▶ Work required
For each record that follows, restate the text exactly and drop the pictures.

▶ Records for the exercise
=-=-=

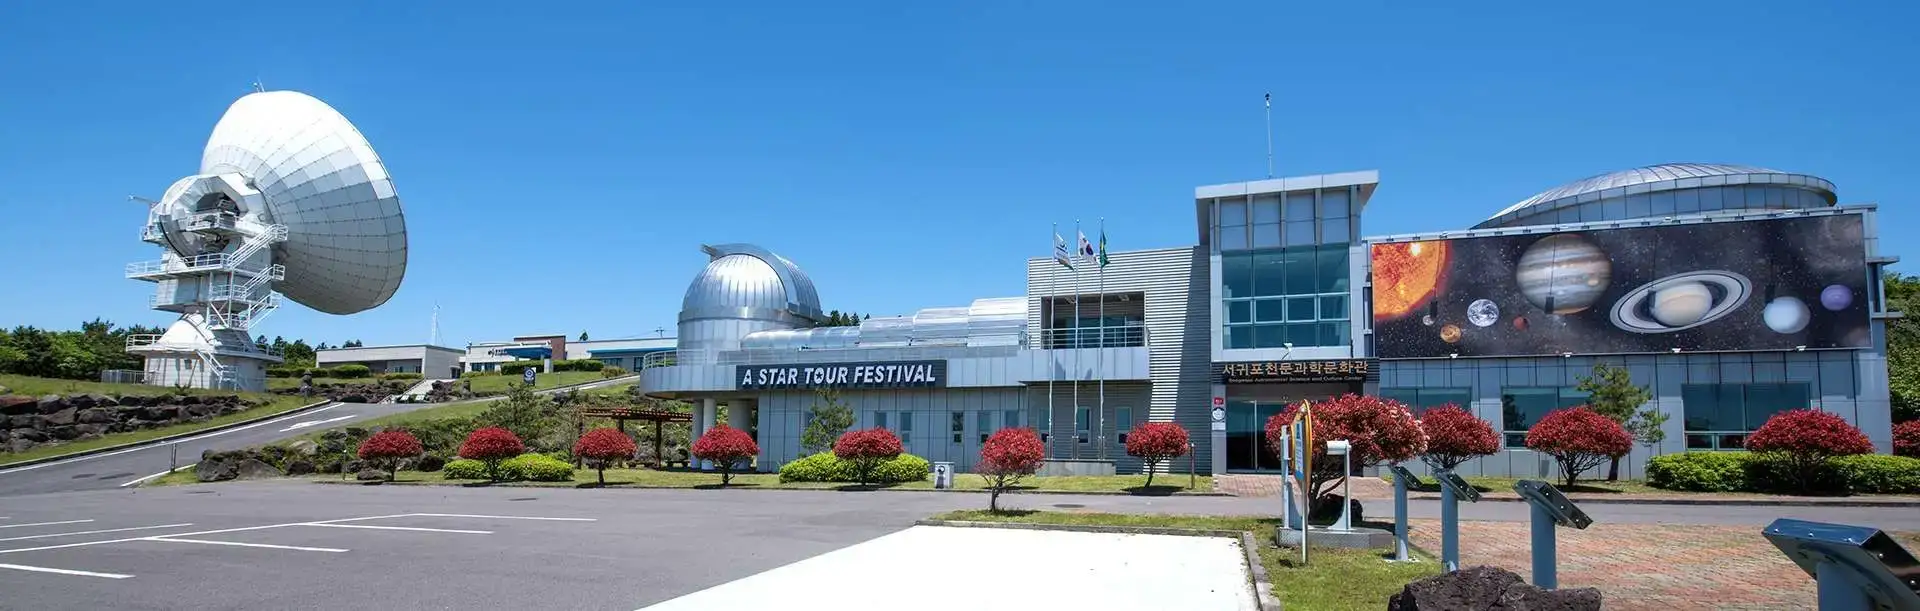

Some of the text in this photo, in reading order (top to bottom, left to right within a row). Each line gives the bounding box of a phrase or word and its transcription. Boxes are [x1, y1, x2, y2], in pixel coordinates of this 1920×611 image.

[743, 364, 936, 385] A STAR TOUR FESTIVAL
[1222, 361, 1369, 376] 서귀포천문과학문화관
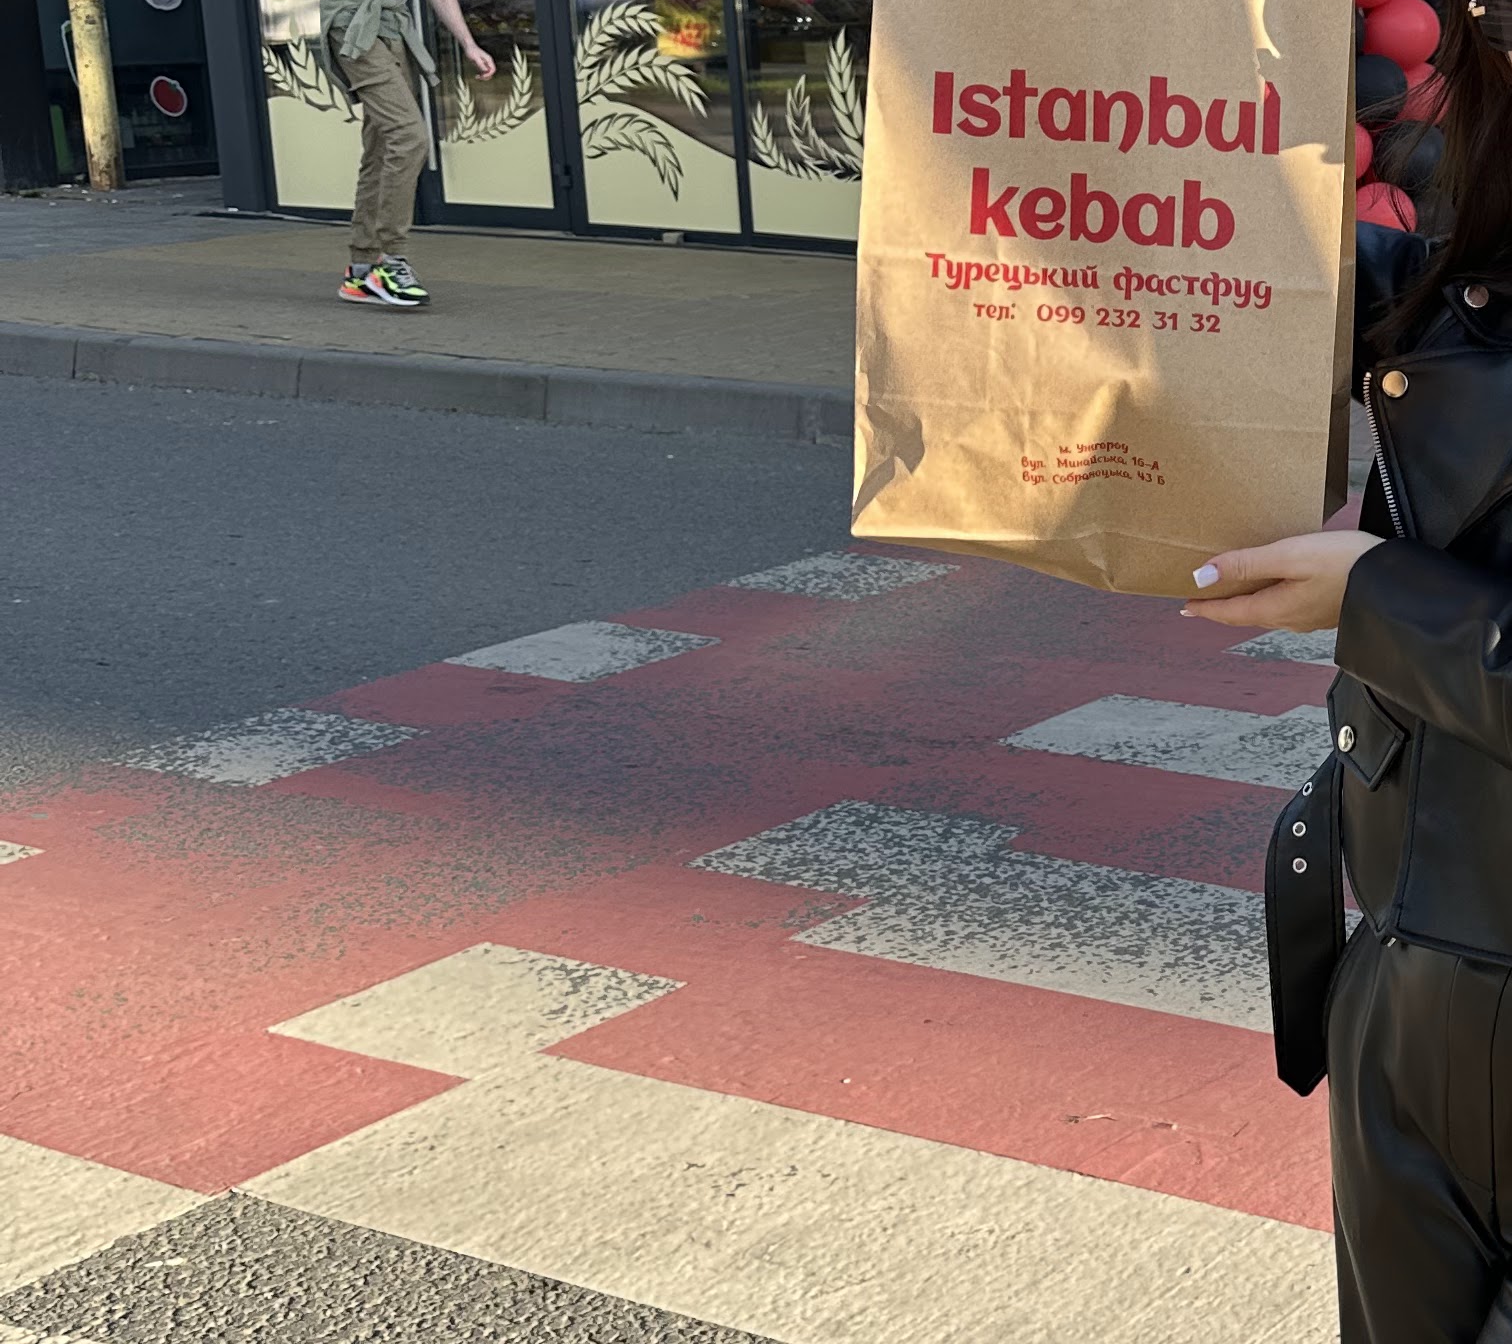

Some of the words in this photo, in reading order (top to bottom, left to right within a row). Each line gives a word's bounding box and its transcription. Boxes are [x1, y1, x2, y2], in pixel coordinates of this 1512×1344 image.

[933, 69, 1281, 156] Istanbul
[970, 167, 1235, 251] kebab
[925, 252, 1100, 291] Турецький
[1113, 265, 1273, 309] фастфуд
[973, 302, 1016, 321] тел:
[1036, 303, 1086, 325] 099
[1096, 307, 1141, 329] 232
[1152, 311, 1178, 331] 31
[1190, 312, 1221, 333] 32
[1137, 470, 1153, 483] 43
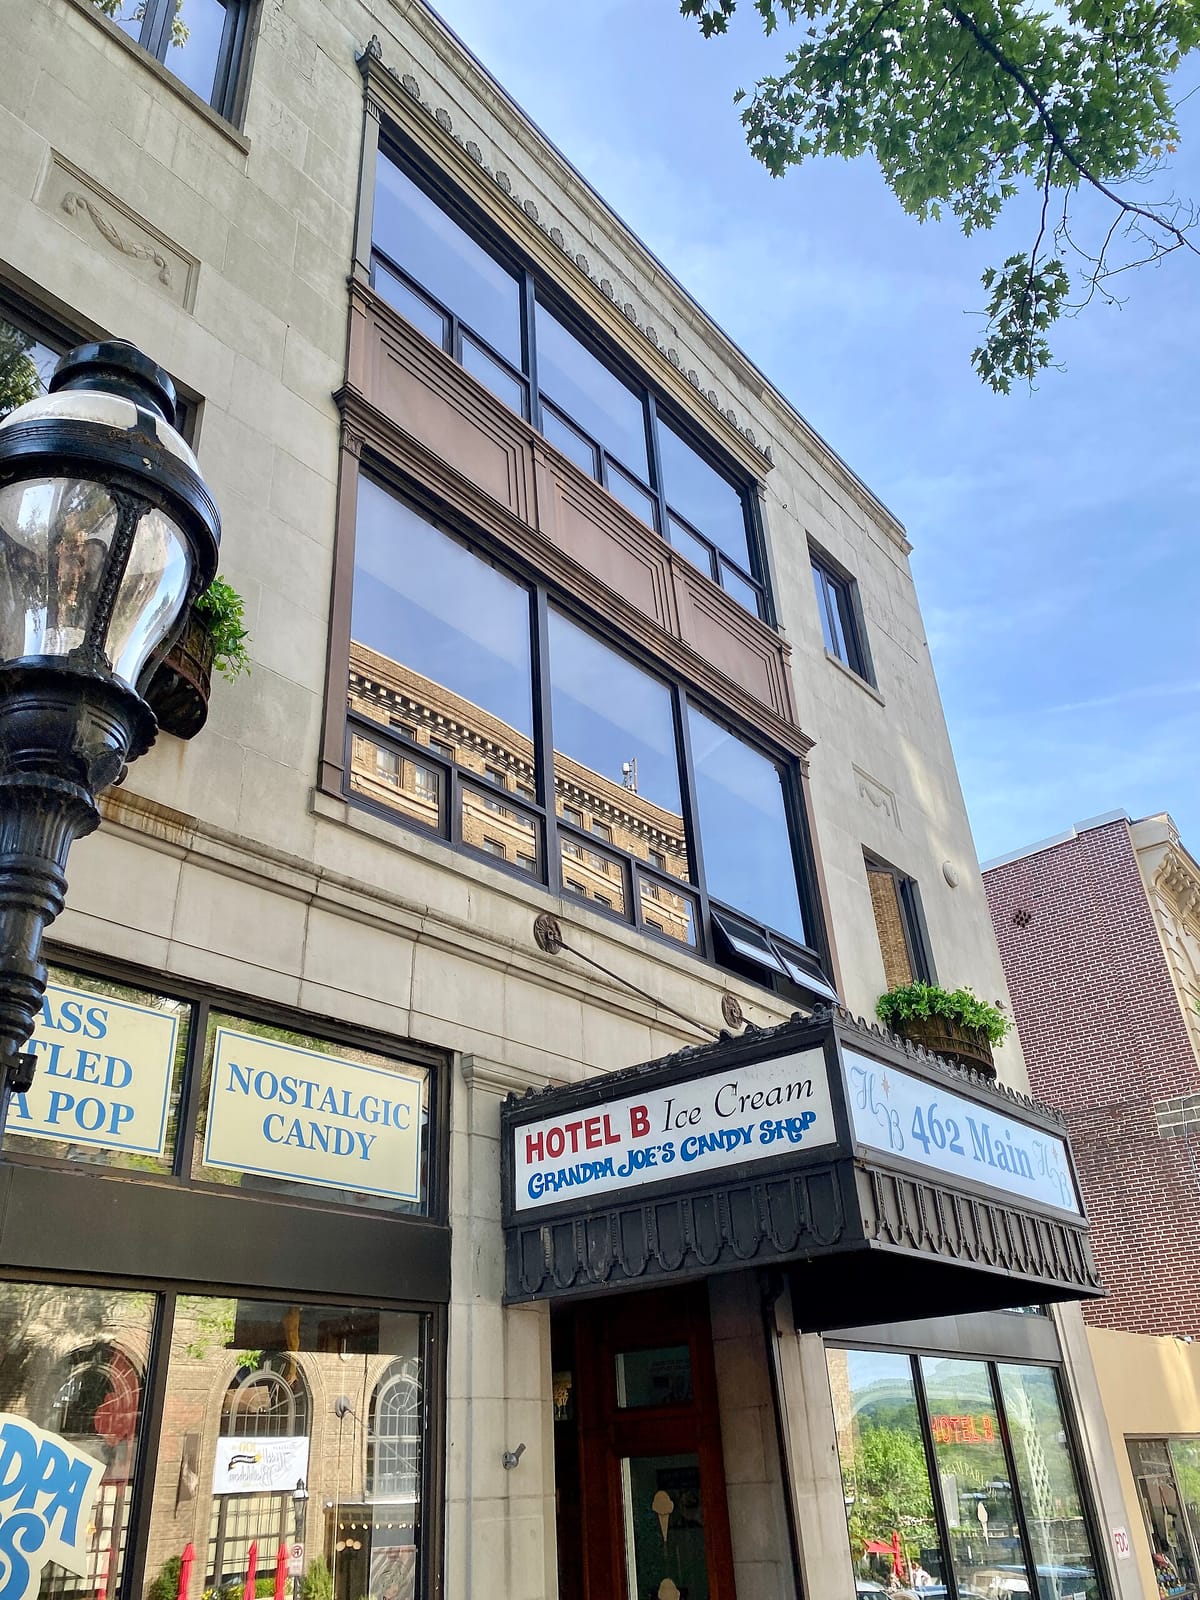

=-=-=

▶ Answer to this exercise
Some of the text in this photo, in reading order (top to bottom, left to right within a row). Each line gives the bounding box of a phrase or word and its transcription. Boxes are [x1, y1, x2, y2], in pixel coordinates of this 1920×611 image.

[743, 364, 936, 385] A STAR TOUR FESTIVAL
[1222, 361, 1369, 376] 서귀포천문과학문화관

Some of the words in this photo, in reading order (top to bottom, left to right within a row). Each line gives a word's bounding box and its transcription. Boxes are [x1, y1, x2, y2], in pixel coordinates of this 1512×1344 image.

[933, 69, 1281, 156] Istanbul
[970, 167, 1235, 251] kebab
[925, 252, 1100, 291] Турецький
[1113, 265, 1273, 309] фастфуд
[973, 302, 1016, 321] тел:
[1036, 303, 1086, 325] 099
[1096, 307, 1141, 329] 232
[1152, 311, 1178, 331] 31
[1190, 312, 1221, 333] 32
[1137, 470, 1153, 483] 43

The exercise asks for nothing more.